Collateral Damage

August 17, 2015

Whenever something unusually crazy happens at the college level that may adversely affect high school athletics, there are calls that the MHSAA do something to stop the stupidity. I can count on these requests whenever a Division I college program offers a scholarship to a pre-teen; and when it happened recently in Michigan, the MHSAA heard more complaints than ever.

What the critics do not appreciate is that the MHSAA has zero authority for NCAA recruiting rules and grant-in-aid policies. If we did, things might be much different. For example:

  • There would be no recruitment in any form allowed before a student has completed 11th grade. There would be no offers or promises of scholarships prior to this date.
  • Then, there would be no in-person recruitment allowed that does not occur at the student’s school and arranged through that school’s administration.
  • When scholarships are offered, they would be for four or five years, irrevocable if the student maintains academic eligibility, whether or not the student plays a single minute. 

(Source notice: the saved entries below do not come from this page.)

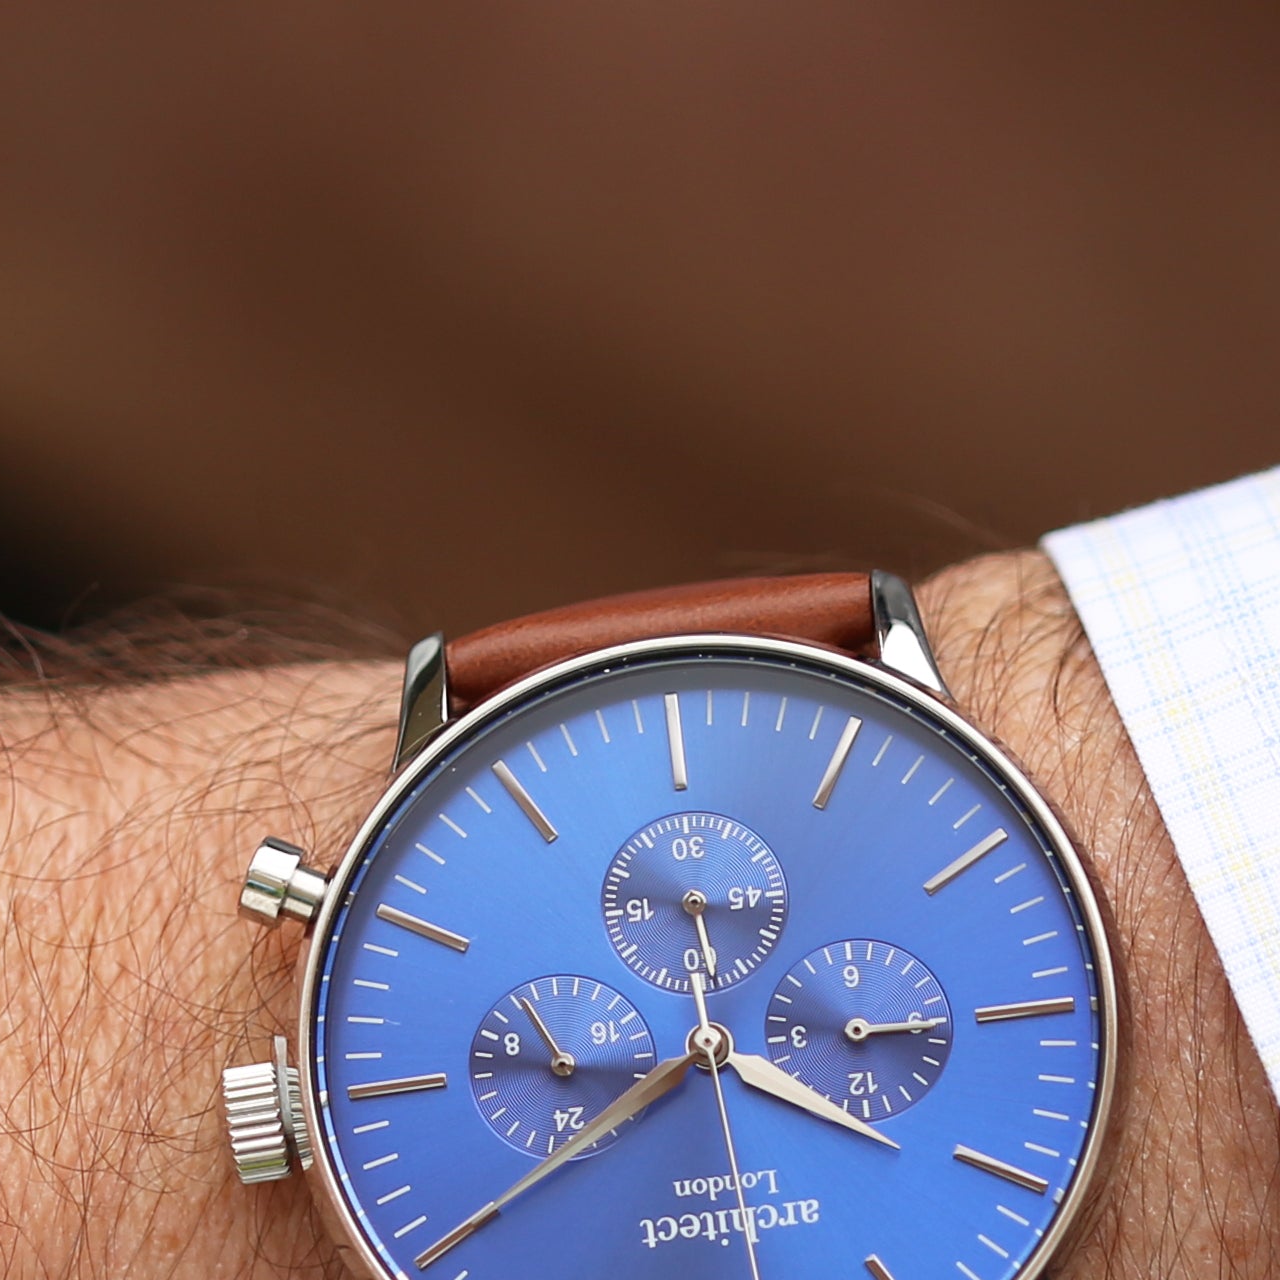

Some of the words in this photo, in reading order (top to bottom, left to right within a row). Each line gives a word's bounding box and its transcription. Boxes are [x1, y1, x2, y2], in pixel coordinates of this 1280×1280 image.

[672, 836, 705, 860] 30
[728, 885, 762, 910] 45
[626, 898, 654, 922] 15
[843, 965, 860, 988] 6
[504, 1032, 520, 1056] 8
[591, 1020, 620, 1045] 16
[790, 1025, 807, 1048] 3
[848, 1071, 878, 1095] 12
[553, 1106, 585, 1132] 24
[673, 1169, 780, 1201] London
[639, 1198, 820, 1248] architect

All the commentary regarding the cesspool of college recruiting is wasted air or ink if it doesn’t focus on those who have the authority to change that environment. It’s the college coaches themselves, the administrators of those intercollegiate programs and the presidents of those institutions. Any corrective measures they suggest to high schools miss the point that they caused their problems and they alone can solve them. We are just collateral damage.

People Business

April 24, 2012

Last month, Fortune magazine ranked the top 12 business innovators of our time – “founders who turned concepts into companies and changed the face of business.”  It was an unsurprising list dominated by the visionary leaders of what are now well-known enterprises.  What I found most interesting was a theme.

Microsoft’s Bill Gates, No. 2 on the list (behind Apple’s Steve Jobs), said his best business decisions came down to picking good people and relying on them.

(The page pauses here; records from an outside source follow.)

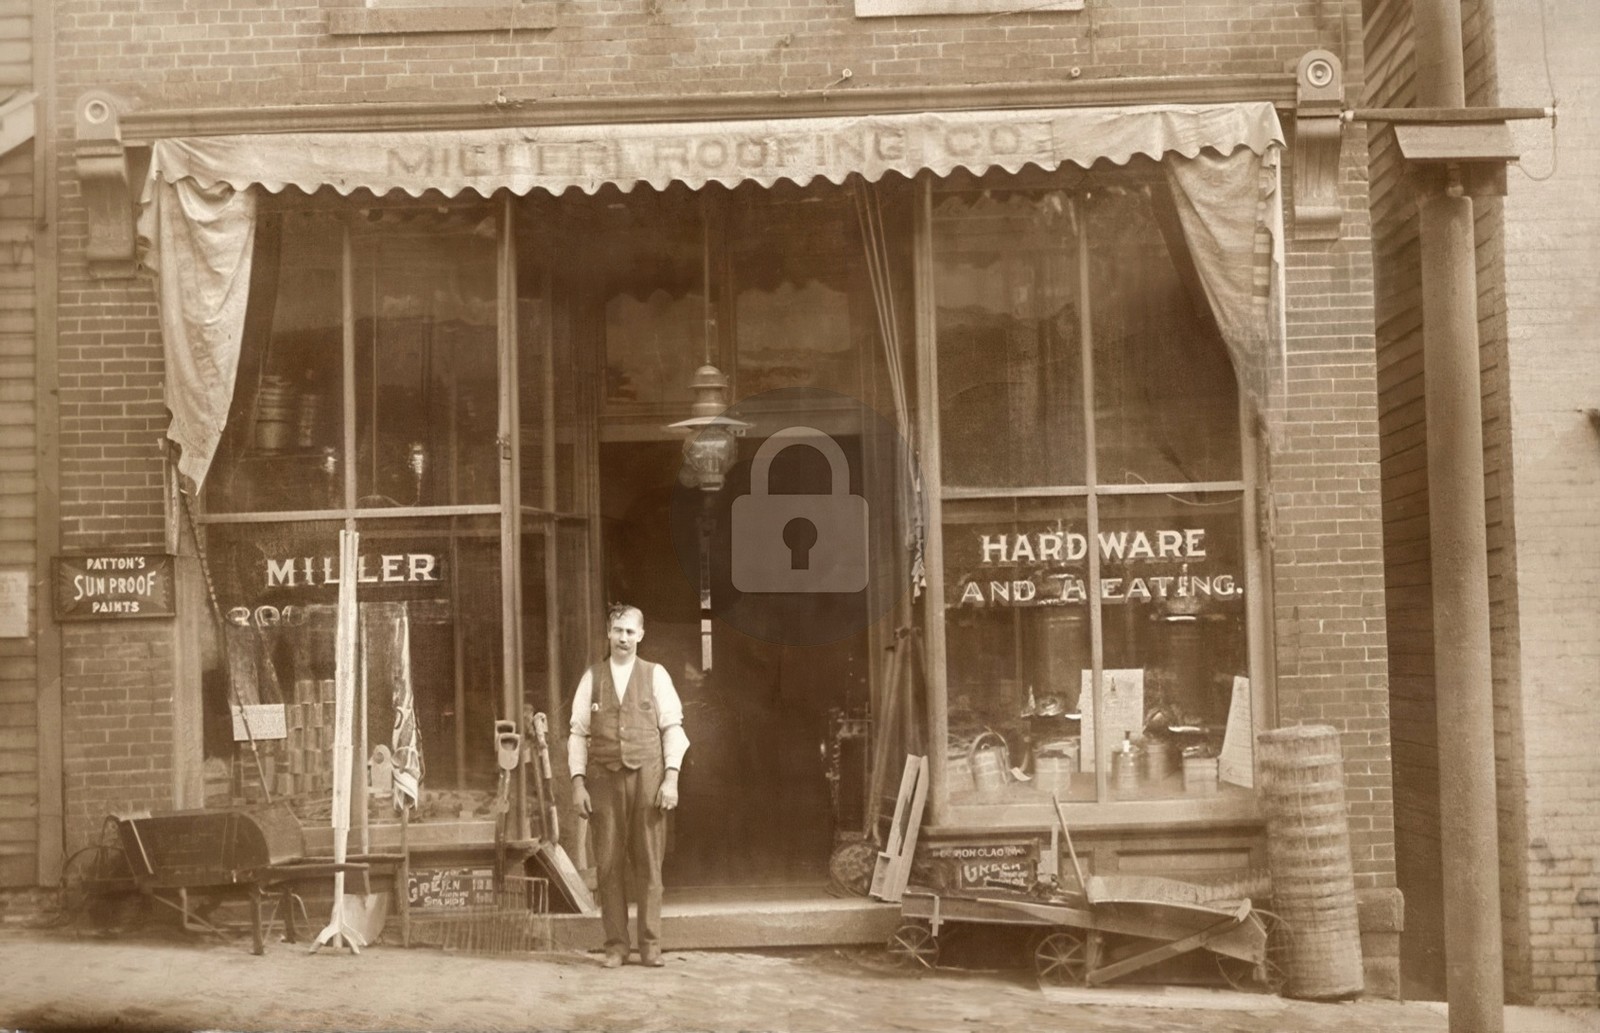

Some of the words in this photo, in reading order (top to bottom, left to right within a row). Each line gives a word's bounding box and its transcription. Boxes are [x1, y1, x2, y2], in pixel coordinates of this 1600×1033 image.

[980, 529, 1207, 562] HARDWARE
[86, 556, 146, 570] PATTON'S
[266, 553, 438, 587] MILLER
[73, 574, 105, 601] SUN
[109, 570, 157, 597] PROOF
[960, 579, 1036, 603] AND
[92, 601, 140, 613] PAINTS

No. 4 Jeff Bezos, founder of Amazon, credited “a bunch of smart people” that continually take his ideas and improve them.

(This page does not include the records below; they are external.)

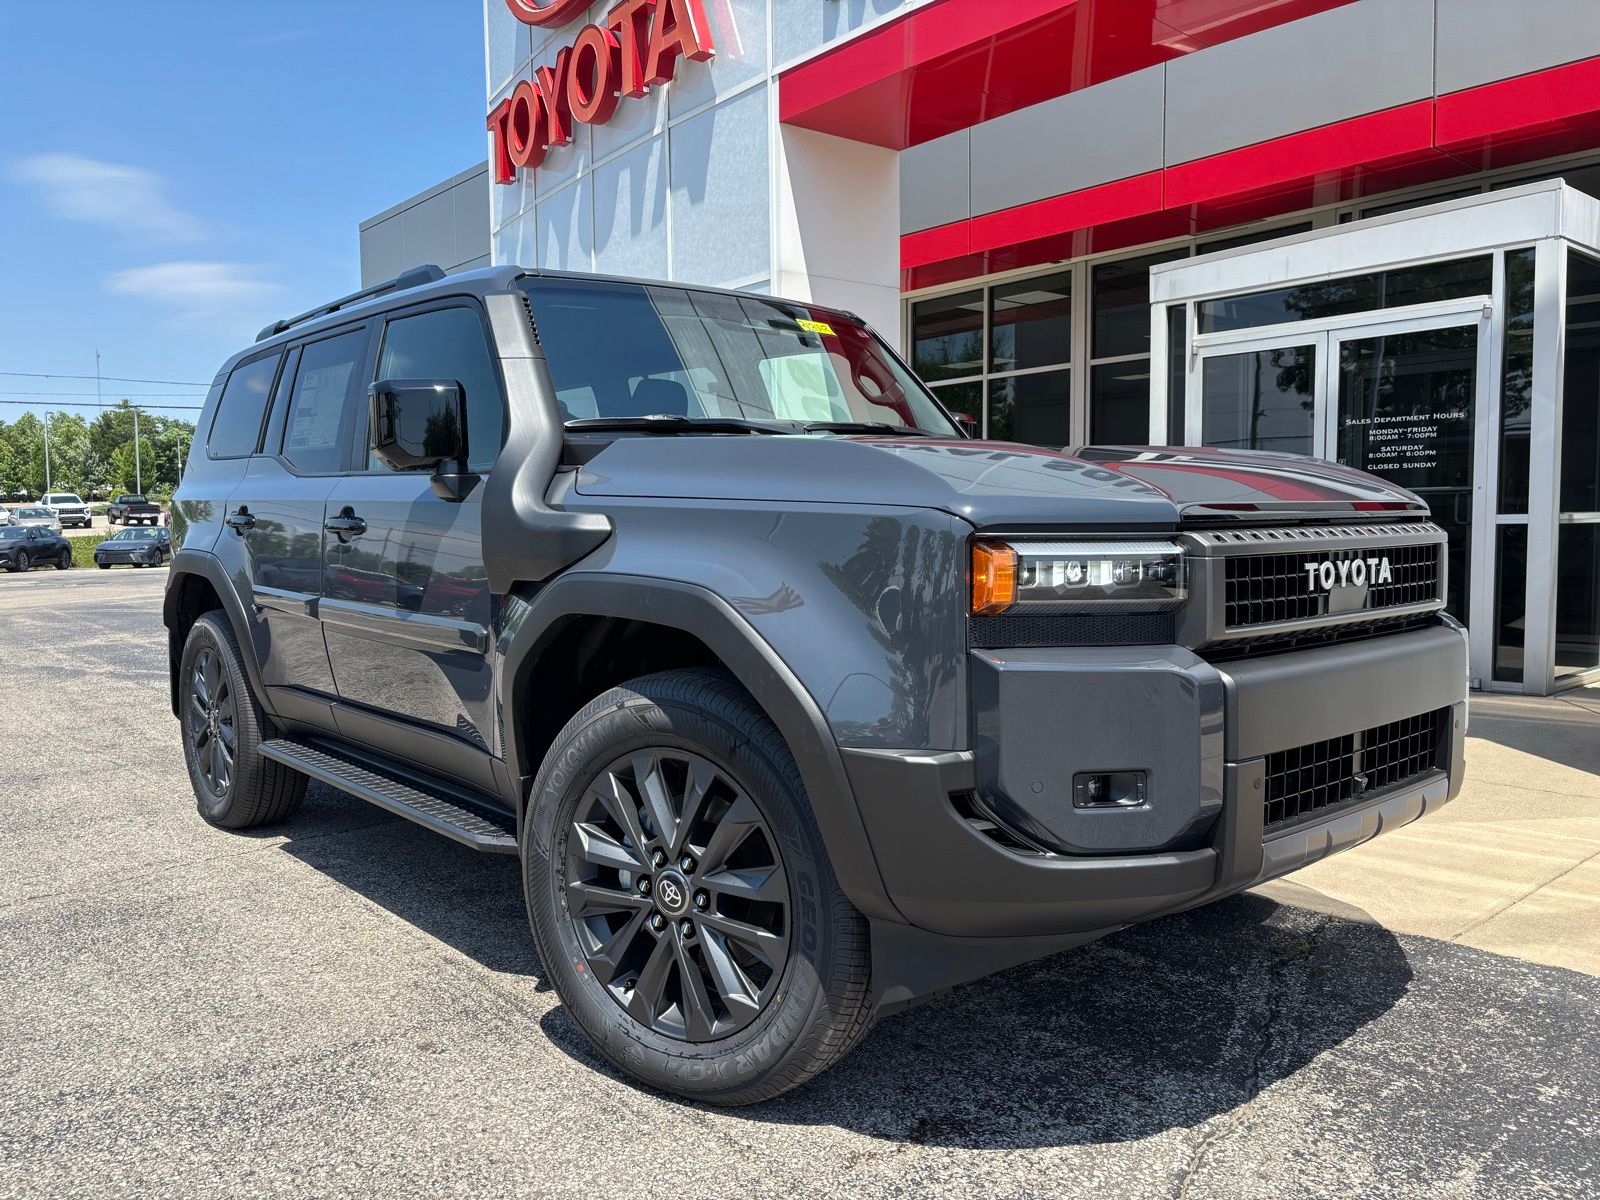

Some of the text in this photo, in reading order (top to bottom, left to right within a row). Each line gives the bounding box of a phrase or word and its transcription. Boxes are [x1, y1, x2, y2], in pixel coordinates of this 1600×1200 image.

[487, 0, 715, 185] TOYOTA
[1345, 411, 1465, 426] SALES DEPARTMENT HOURS
[1368, 425, 1438, 435] MONDAY-FRIDAY
[1380, 444, 1424, 452] SATURDAY
[1402, 461, 1437, 469] SUNDAY
[1304, 556, 1392, 591] TOYOTA
[545, 714, 627, 797] YOKOHAMA

No. 9 Herb Kelleher of Southwest Airlines has created “a culture that respected the people he carefully hired.”  He said, “front line personnel can either make you or break you. . . Start with employees and the rest follows from that.”

No. 10 Narayana Murthy of the Indian company Infosys said an emerging organization “must coalesce around a team of people with an enduring value system.”

Time and again, the secret sauce is the people.  Not policy or procedures or products.  People.